> _RECORDS SUPPLIED_:
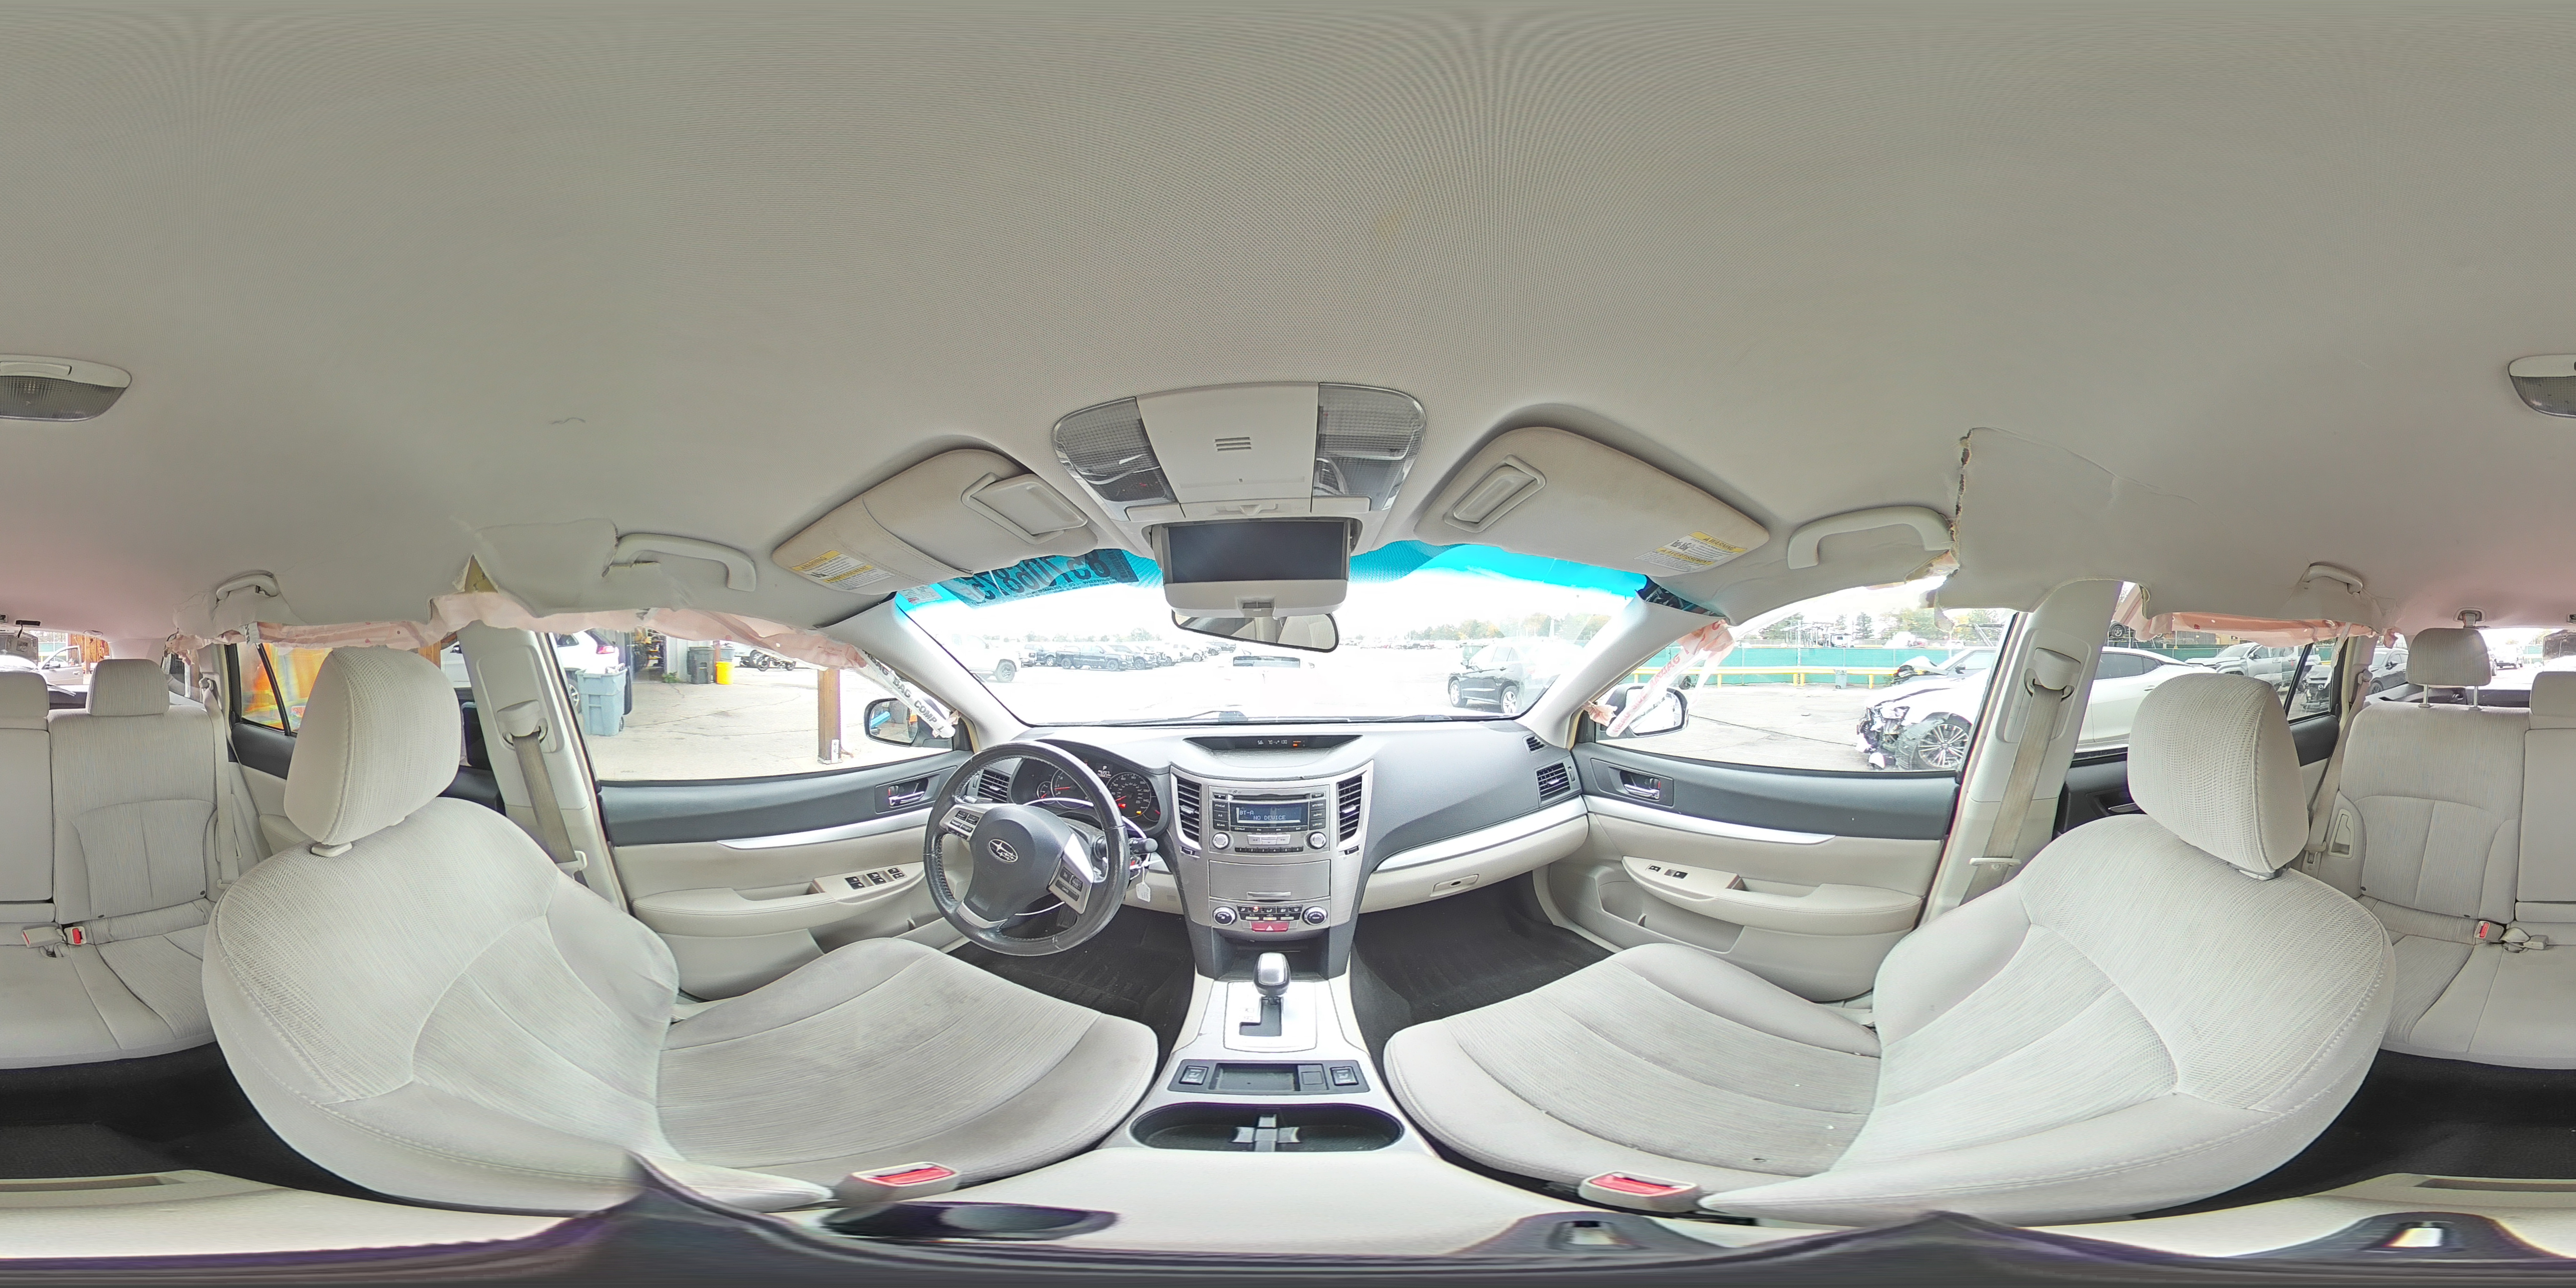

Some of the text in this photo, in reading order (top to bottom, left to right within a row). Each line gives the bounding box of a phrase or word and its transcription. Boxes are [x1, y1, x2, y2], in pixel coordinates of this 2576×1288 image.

[1709, 538, 1736, 551] WARNING
[803, 556, 828, 568] WARNING
[1649, 654, 1681, 690] AIRBAG
[892, 677, 912, 698] BAG
[914, 699, 938, 723] COMP

> _WHAT YOU NEED TO DO_: Every line above is to be duplicated exactly; no picture should be carried over.

> _RESPONSE_:
Some of the text in this photo, in reading order (top to bottom, left to right within a row). Each line gives the bounding box of a phrase or word and its transcription. Boxes are [x1, y1, x2, y2], in pixel coordinates of this 2576×1288 image.

[1709, 538, 1736, 551] WARNING
[803, 556, 828, 568] WARNING
[1649, 654, 1681, 690] AIRBAG
[892, 677, 912, 698] BAG
[914, 699, 938, 723] COMP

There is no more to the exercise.